Jeux

Star Trucker

Simulation | Edité par Raw Fury | Développé par Monster & Monster

9/10
One : 03 September 2024 Series X/S : 03 September 2024
03.09.2024 à 16h01 par

Test : Star Trucker sur Xbox Series X|S

Dessine-moi un camion !

Depuis 2015, Raw Fury fait régulièrement confiance à de petits studios de développement pour mener à bien ses projets. Une démarche aussi courante que délicate, mais qui dans le cas de l’éditeur suédois porte le plus souvent ses fruits : Bad North en 2018, Night Call en 2019, Call of the Sea et West of Dead en 2020, ou encore Townscrapper en 2021. Aujourd’hui, cette aventure se poursuit avec Star Trucker, réalisé par Monster and Monster pour sillonner les étoiles à bord d’un semi-remorque. Contact !

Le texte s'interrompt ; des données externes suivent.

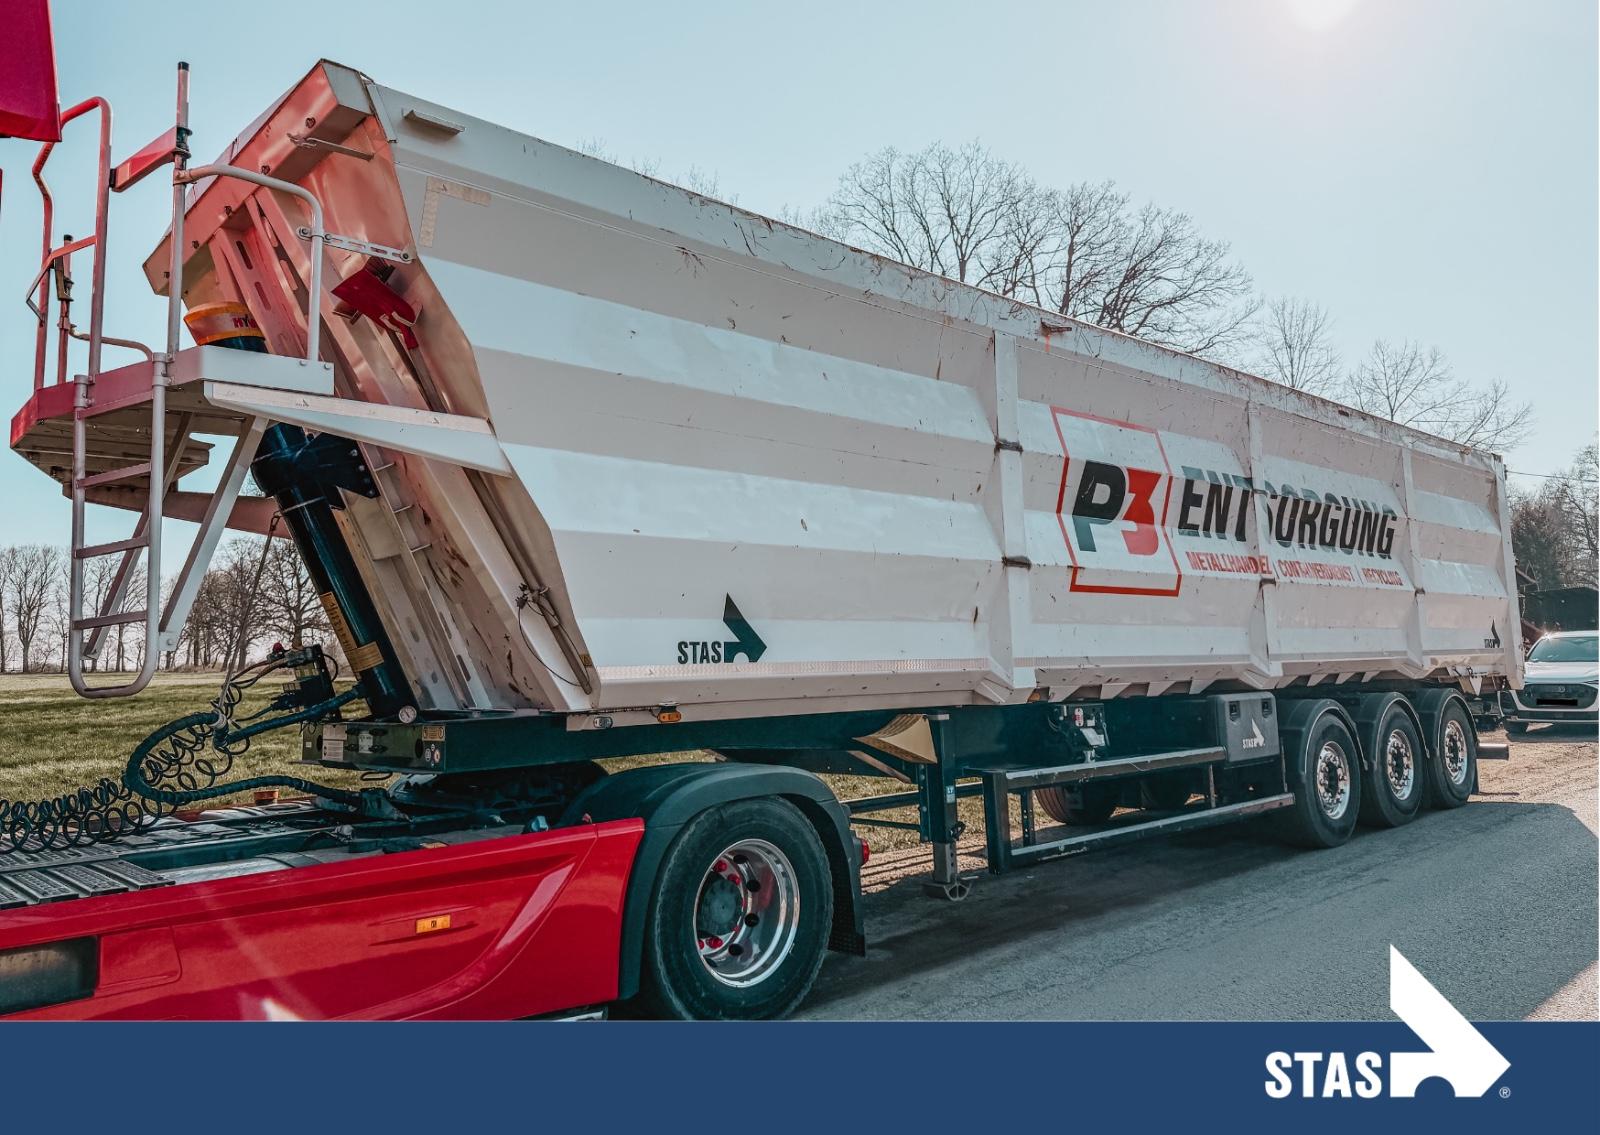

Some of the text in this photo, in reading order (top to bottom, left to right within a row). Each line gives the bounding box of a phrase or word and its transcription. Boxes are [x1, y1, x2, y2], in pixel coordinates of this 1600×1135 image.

C’est peu de le dire, car le jeu se lance très rapidement et, dès le menu d’introduction, semble répondre à la promesse évoquée dans les extraits du dossier de presse qui accompagnaient sa présentation : « Apprivoisez la route la plus ouverte de toutes : l’espace ! ». Jugez plutôt. Au premier plan, une remorque attelée à un gros camion américain tout habillé de chrome, et prêt à en découdre avec les kilomètres. En toile de fond, le cosmos en mouvement, le tout remodelé par les mains expertes des développeurs dans un esprit digne d’un comic book. Pour parfaire cette première approche, Star Trucker s’appuie sur une bande-son que ne renierait pas une production hollywoodienne avec de la country bluegrass et du pop-rock en guise de credo. Il faut dire que Raw Fury s’est adjoint les services de Randall Breneman, célèbre auteur-compositeur, multi-instrumentiste et touche-à-tout (films, pubs, série TV, jeux). L’homme est originaire de Chicago, passé par l’école de musique créée par Paul McCartney à Liverpool et il est bien connu des fans de HPI puisqu’il a écrit le morceau « Bad Sometimes ».

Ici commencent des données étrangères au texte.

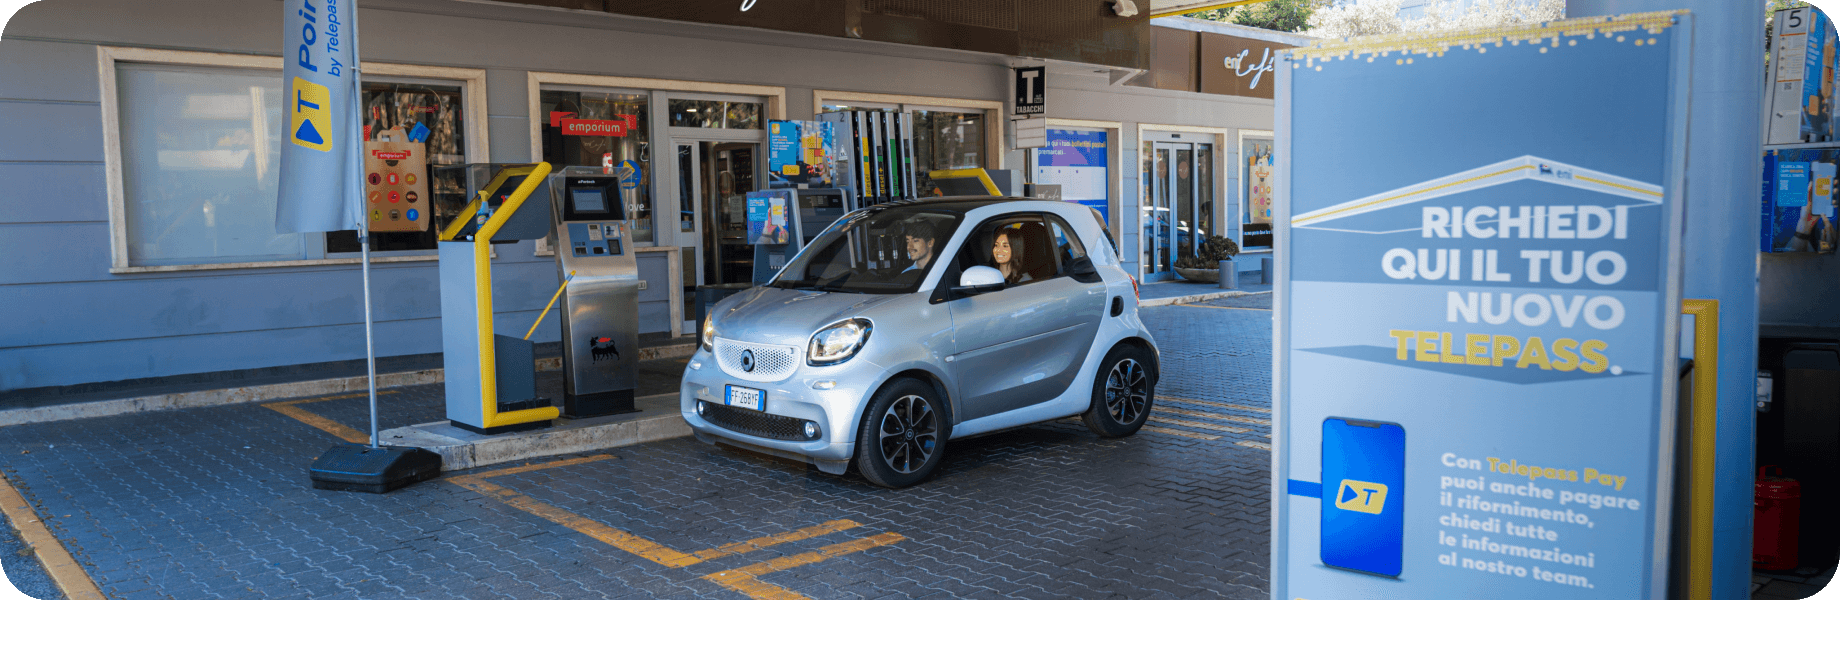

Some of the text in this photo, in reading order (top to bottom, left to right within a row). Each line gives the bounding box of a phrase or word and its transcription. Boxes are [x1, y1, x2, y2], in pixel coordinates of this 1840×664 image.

[1788, 10, 1802, 28] 5
[327, 57, 343, 77] by
[1021, 70, 1039, 104] T
[568, 121, 621, 134] emporium
[1016, 105, 1044, 114] TABACCHI
[1422, 205, 1628, 239] RICHIEDI
[1381, 247, 1627, 285] QUI IL TUO
[1447, 290, 1626, 330] NUOVO
[1389, 329, 1623, 375] TELEPASS.
[1440, 452, 1627, 491] Con Telepass Pay
[1439, 491, 1595, 529] il rifornimento,
[1440, 475, 1641, 511] puoi anche pagare
[1438, 512, 1558, 542] chiedi tutte
[1438, 530, 1595, 568] le informazioni
[1438, 552, 1595, 589] al nostro team.

Fort de ce pedigree à toute épreuve, le titre de Raw Fury capte d’emblée l’attention avec une ritournelle dans les oreilles et installe une ambiance cosy extrêmement plaisante qui invite à lever le voile sur la suite. D’autant que les bruitages sont à l’avenant, c’est-à-dire, variés, immersifs et très soignés.

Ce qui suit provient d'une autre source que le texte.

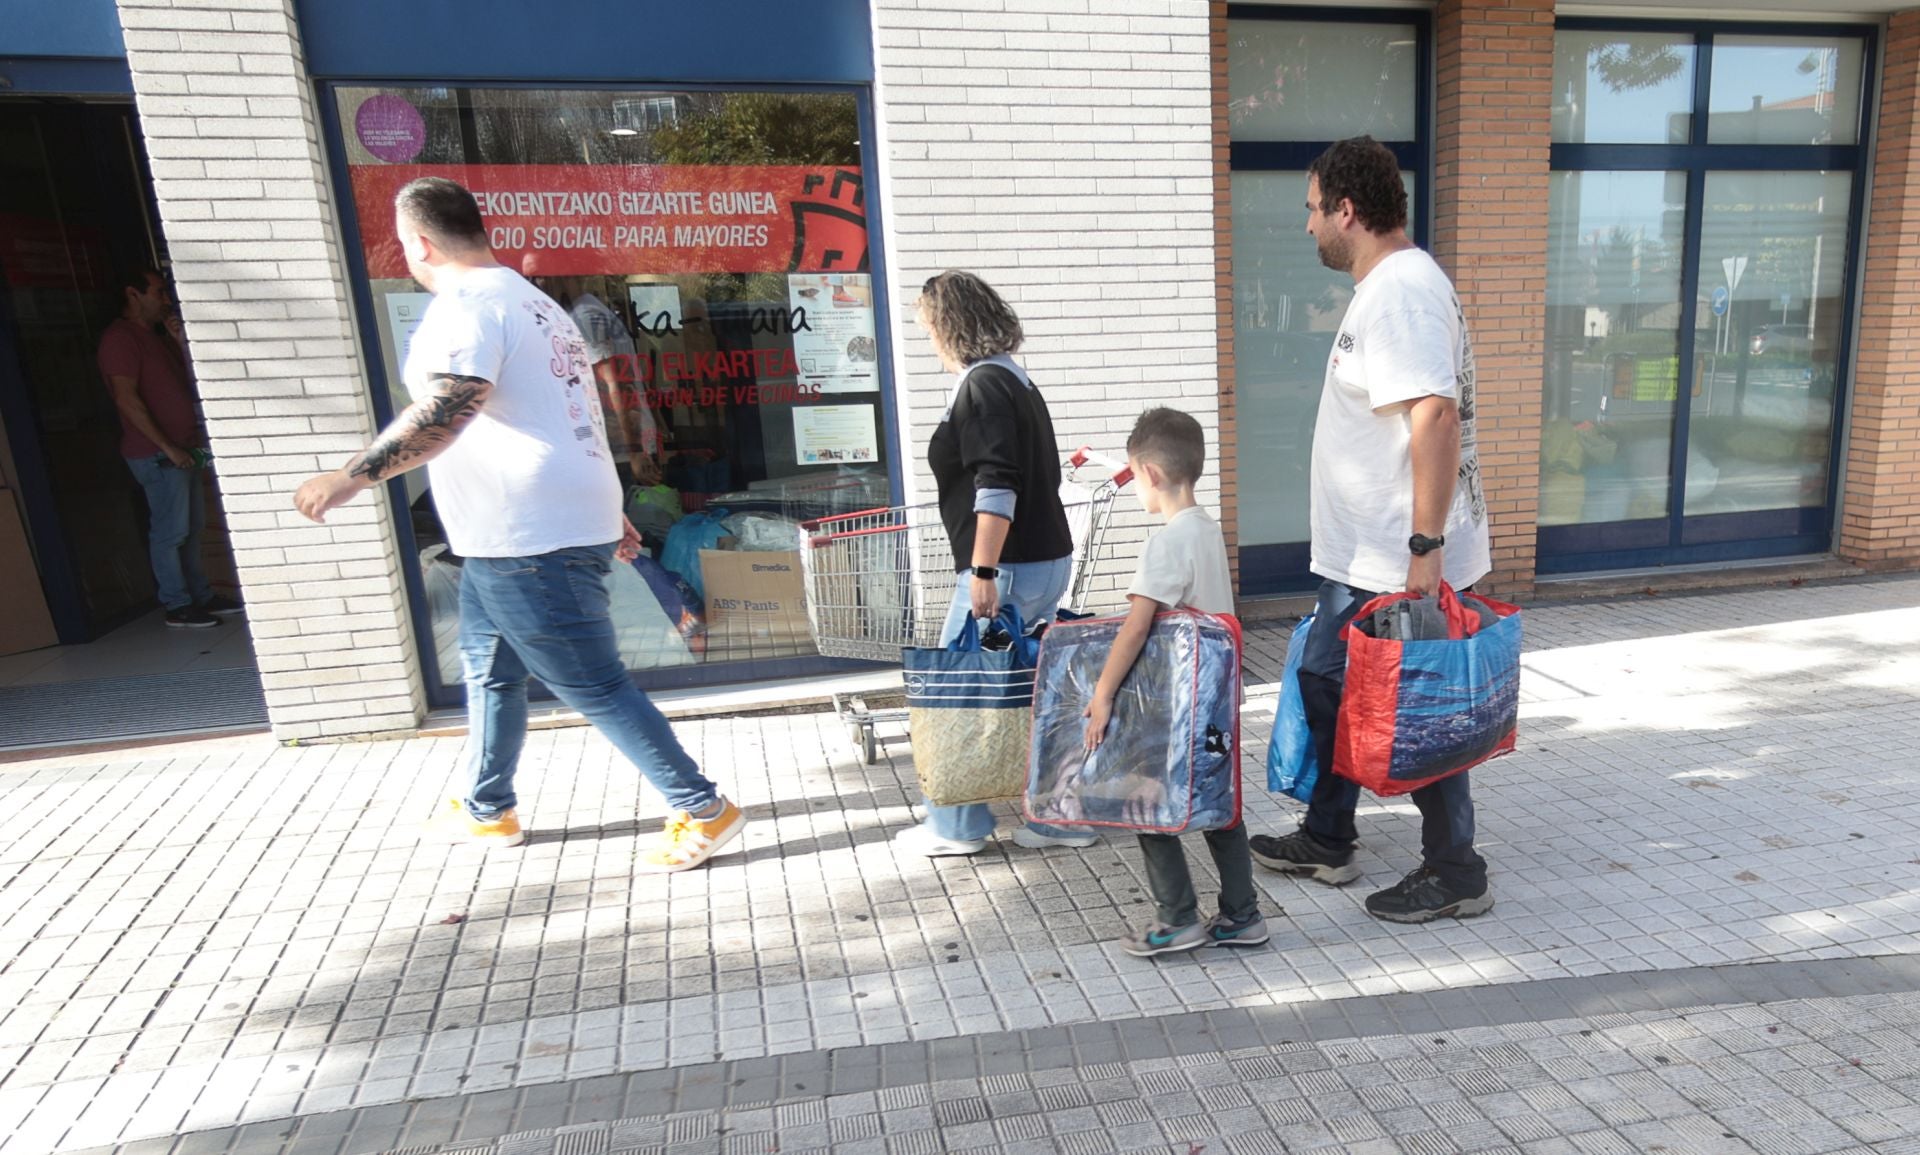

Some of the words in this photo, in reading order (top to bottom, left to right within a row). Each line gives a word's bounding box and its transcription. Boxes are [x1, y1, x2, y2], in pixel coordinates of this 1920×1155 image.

[472, 192, 613, 217] EKOENTZAKO
[619, 191, 704, 216] GIZARTE
[709, 191, 779, 215] GUNEA
[490, 226, 526, 250] CIO
[532, 226, 607, 249] SOCIAL
[614, 225, 668, 248] PARA
[674, 224, 769, 247] MAYORES
[663, 349, 800, 381] ELKARTEA
[701, 386, 728, 406] DE
[734, 383, 823, 405] VECINOS
[744, 600, 780, 610] Pants

En commençant une partie, cinq niveaux de difficulté sont proposés (personnalisée, chauffeur, recommandée, mécano, hardcore). Et si le mode normal ou recommandé est très bien équilibré, attendez-vous toute de même à du challenge ! Pour autant, le jeu vous prend par la main avant de vous lâcher dans la galaxie et tout en suivant un petit tutoriel très bien conçu, vous allez faire connaissance avec une bande de joyeux drilles qui vont vous accompagner lors de vos périples, grâce à une radio CB, et découvrir votre chez-vous. Devant vos yeux ébahis et sous la ligne d’horizon que dessine votre véhicule avec l’infini, se dresse ainsi un tableau de bord assez complet proposant deux écrans, trois cadrans dont un tachymètre et toute une série de boutons fonctionnels. Dés lors, Vous pouvez vérifier la quantité d’essence de vos réservoirs, l’oxygène et la température de la cabine, votre vitesse de déplacement, commander vos phares et vos veilleuses, l’éclairage de votre habitacle, le pilote automatique et, raffinement suprême, la climatisation. À gauche, une manette d’arrimage avec visualisation des manœuvres depuis une caméra de recul et ses petites sœurs pour scruter les environs via la croix directionnelle. À droite le freinage d’urgence et un moniteur de contrôle relatif aux nombreux modules consommables de votre engin : fusibles, filtres à air, absorbeurs de chocs électriques, batteries, etc.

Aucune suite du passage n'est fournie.